Google is looking to add an encryption protocol to its browser to make it even more efficient to bypass Chrome's blocking of “wrong” sites. It's called DNS over HTTPS (DoH for short) and is growing in popularity. As part of a pilot project, Chrome developers plan to introduce a new tool in the next stable build of the browser, which is expected to be released in October 2019.
How it works
The Google team calls the main idea of the trial implementation of the protocol in the Chrome browser to protect the confidential information of users and improve its security. The operation of the protocol on public Wi-Fi will prevent network users from seeing sites that others are visiting, or, for example, DoH will help prevent hidden redirects to an incorrect IP address.
At the beginning of the experiment, six providers intend to introduce DNS over HTTPS support into their own DNS systems. At the same time, the technology for working with DNS queries will not change. Only the protocol itself will change, in which additional encryption protection will be introduced.

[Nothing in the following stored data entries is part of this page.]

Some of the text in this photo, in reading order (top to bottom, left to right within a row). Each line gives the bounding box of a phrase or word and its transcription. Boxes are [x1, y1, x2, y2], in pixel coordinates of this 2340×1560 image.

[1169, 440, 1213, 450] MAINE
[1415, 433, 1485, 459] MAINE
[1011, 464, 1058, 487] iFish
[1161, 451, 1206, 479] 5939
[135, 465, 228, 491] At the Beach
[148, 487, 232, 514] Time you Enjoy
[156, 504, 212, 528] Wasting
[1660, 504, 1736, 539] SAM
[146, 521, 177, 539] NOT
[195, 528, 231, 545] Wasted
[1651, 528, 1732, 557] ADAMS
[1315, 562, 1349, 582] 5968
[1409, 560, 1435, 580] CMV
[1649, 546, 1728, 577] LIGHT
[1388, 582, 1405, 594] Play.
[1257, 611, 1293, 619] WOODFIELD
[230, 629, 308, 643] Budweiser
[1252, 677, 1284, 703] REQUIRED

As a result, an attempt to block a resource or filter traffic by domain name will only work on platforms without DoH support.
As part of the experiment, the Google team is going to first of all check how effective it is to bypass the blocking of Chrome sites using the DoH protocol and, in addition, to find out its effect on the data transfer rate. The experiment involves all mobile and desktop platforms with support for Chrome, with the exception of Linux and iOS.

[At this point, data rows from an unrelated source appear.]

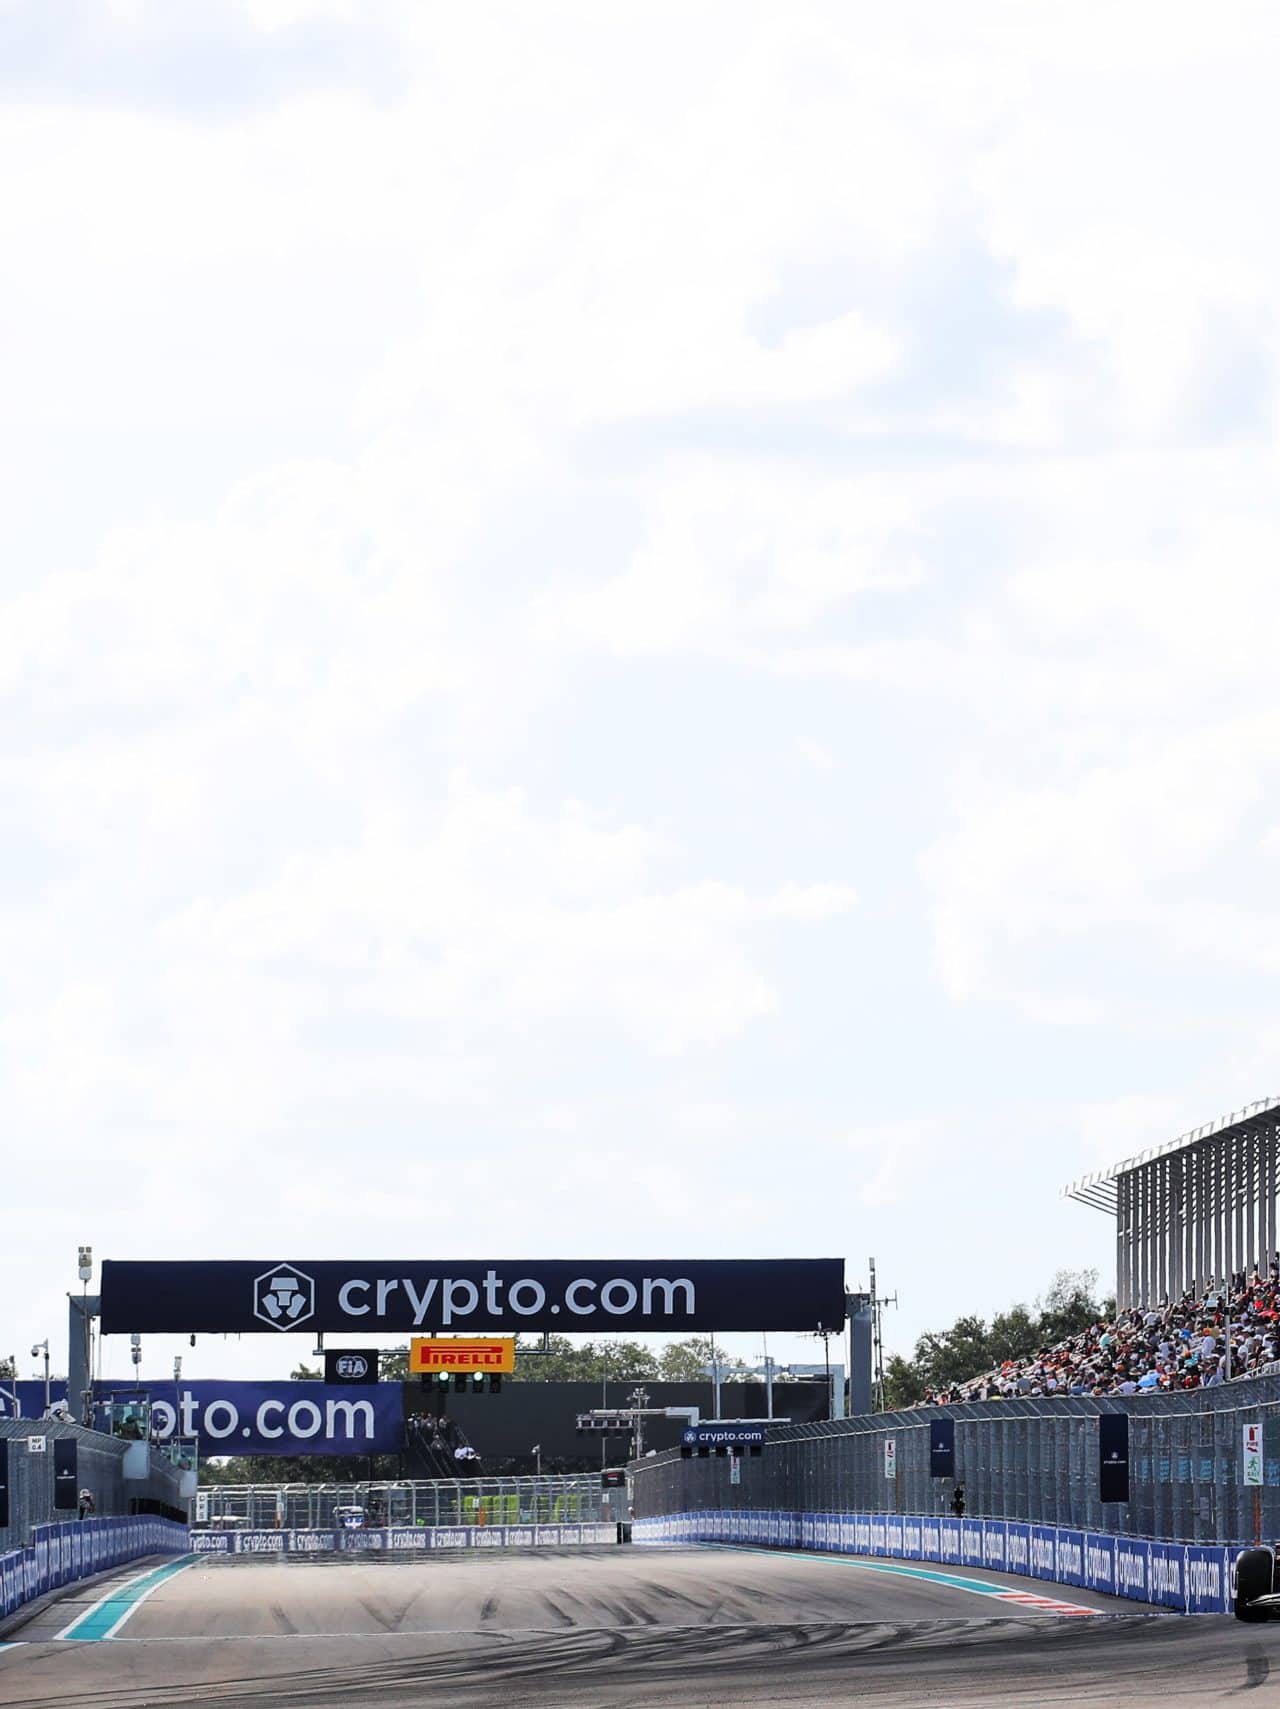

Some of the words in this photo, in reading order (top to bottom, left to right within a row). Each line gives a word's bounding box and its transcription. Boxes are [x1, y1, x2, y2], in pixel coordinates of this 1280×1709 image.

[338, 1271, 695, 1326] crypto.com
[421, 1346, 503, 1364] PIRELLI
[338, 1359, 365, 1373] FIA
[698, 1431, 762, 1442] crypto.com
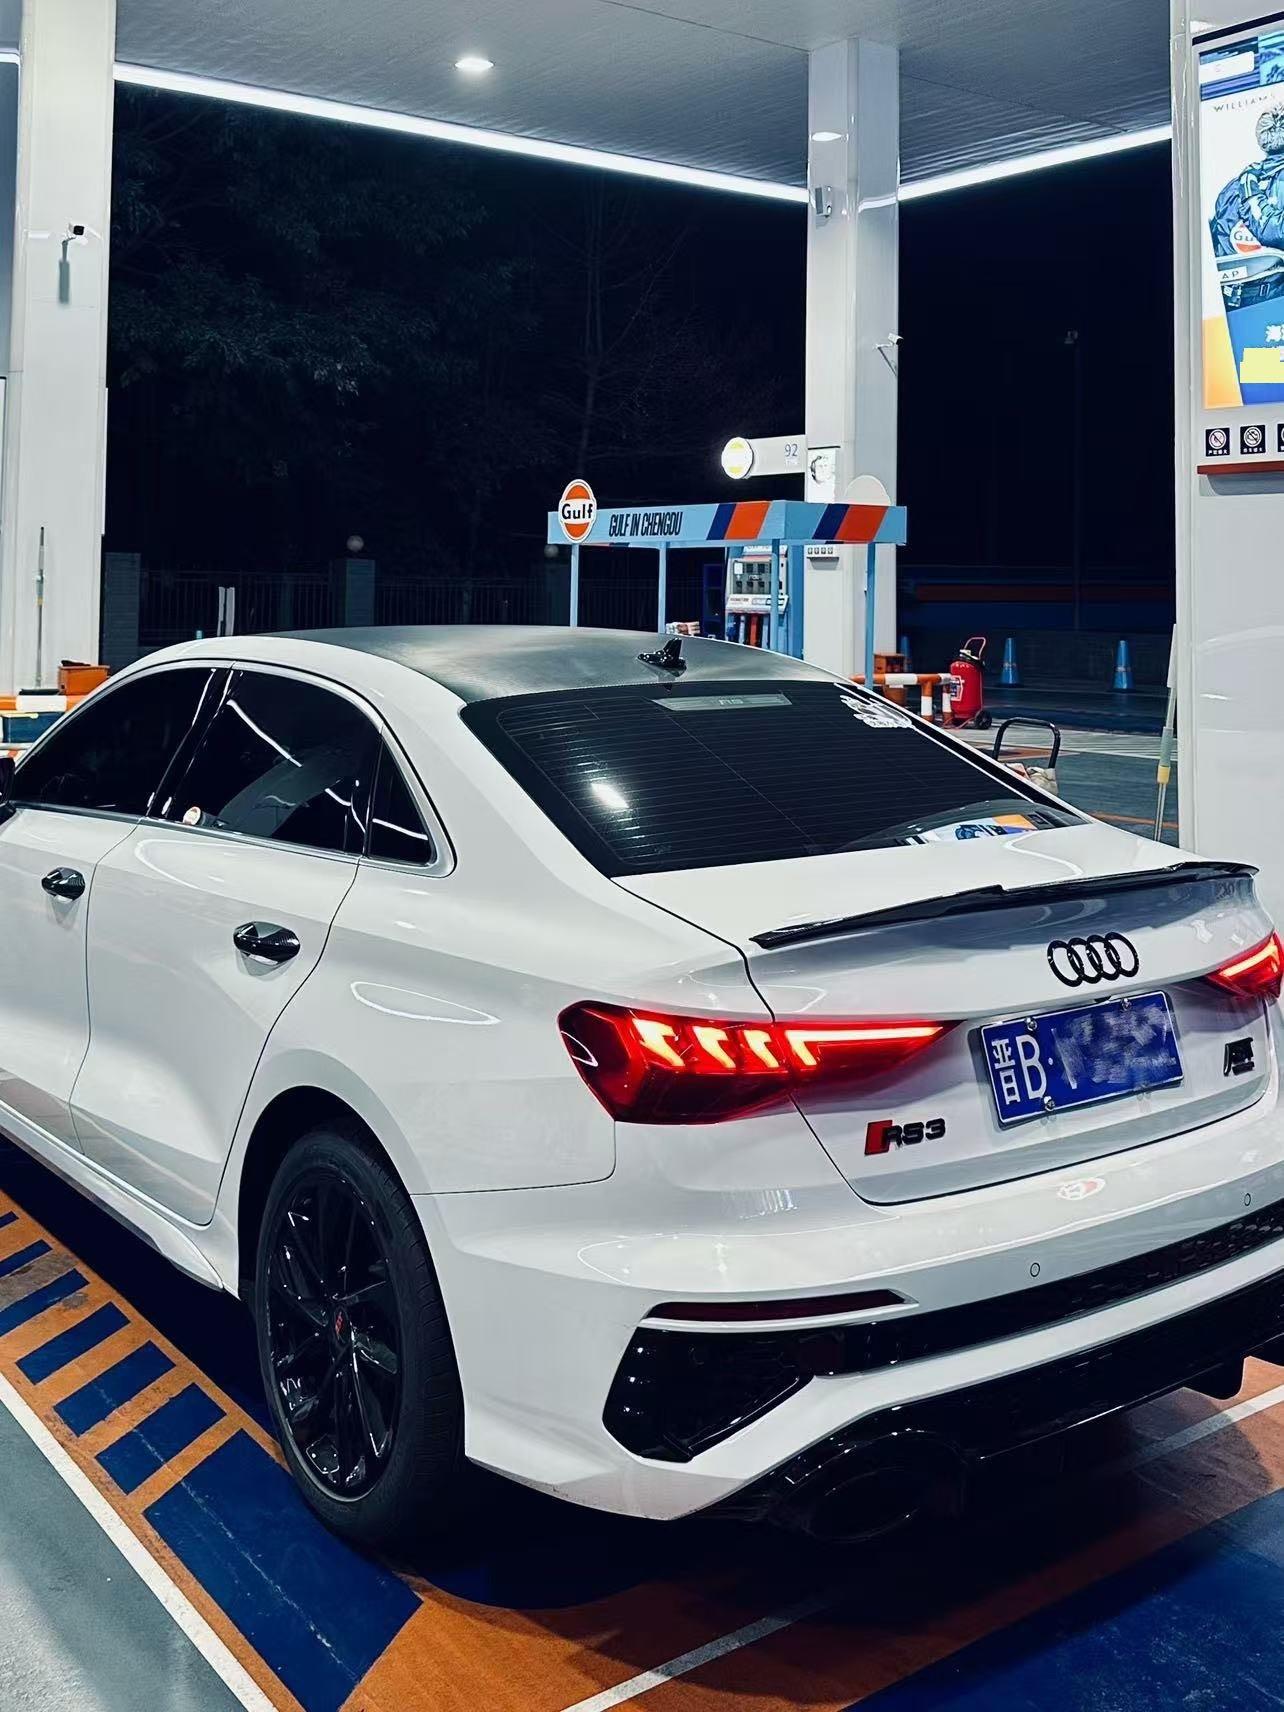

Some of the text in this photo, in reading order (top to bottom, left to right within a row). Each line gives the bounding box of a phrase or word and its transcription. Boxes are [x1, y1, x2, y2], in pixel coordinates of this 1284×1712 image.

[784, 443, 798, 457] 92
[561, 503, 593, 520] Gulf
[608, 511, 683, 537] GULF IN CHENGDU
[883, 1117, 946, 1149] RS3

If you refuse to use DoH, the browser will revert to normal DNS service settings. This will also happen during an unplanned protocol failure. Chrome developers have provided an option to opt out of experimental use of the new encryption feature. This can be done directly in the browser settings by configuring the appropriate command.
Often, to restrict access to resources that have fallen out of favor, supervisory services need the IP address of an unwanted site and a domain name, which is found out through a DNS request. In this case, bypassing Chrome blocks using the DoH protocol will hide the URL of a specific resource, since the DNS request will receive additional encryption.
Another way to restrict access to a specific site - through the IP address - also often happens in practice. In this case, bypassing the Chrome blocking will also work when an IP address is provided for a DNS request, which is additionally protected using the DNS-over-HTTPS protocol.
The Topic of Article: Chrome browser will get additional blocking bypass functionality.